→ Assignment
Transcribe every record without leaving anything out or changing a word.

Free-text object descriptions:
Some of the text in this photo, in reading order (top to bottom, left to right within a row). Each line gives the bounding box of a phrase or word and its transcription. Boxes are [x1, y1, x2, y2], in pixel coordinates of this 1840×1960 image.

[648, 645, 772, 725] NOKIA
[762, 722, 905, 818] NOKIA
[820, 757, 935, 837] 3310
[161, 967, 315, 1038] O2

→ Response for this exercise
Some of the text in this photo, in reading order (top to bottom, left to right within a row). Each line gives the bounding box of a phrase or word and its transcription. Boxes are [x1, y1, x2, y2], in pixel coordinates of this 1840×1960 image.

[648, 645, 772, 725] NOKIA
[762, 722, 905, 818] NOKIA
[820, 757, 935, 837] 3310
[161, 967, 315, 1038] O2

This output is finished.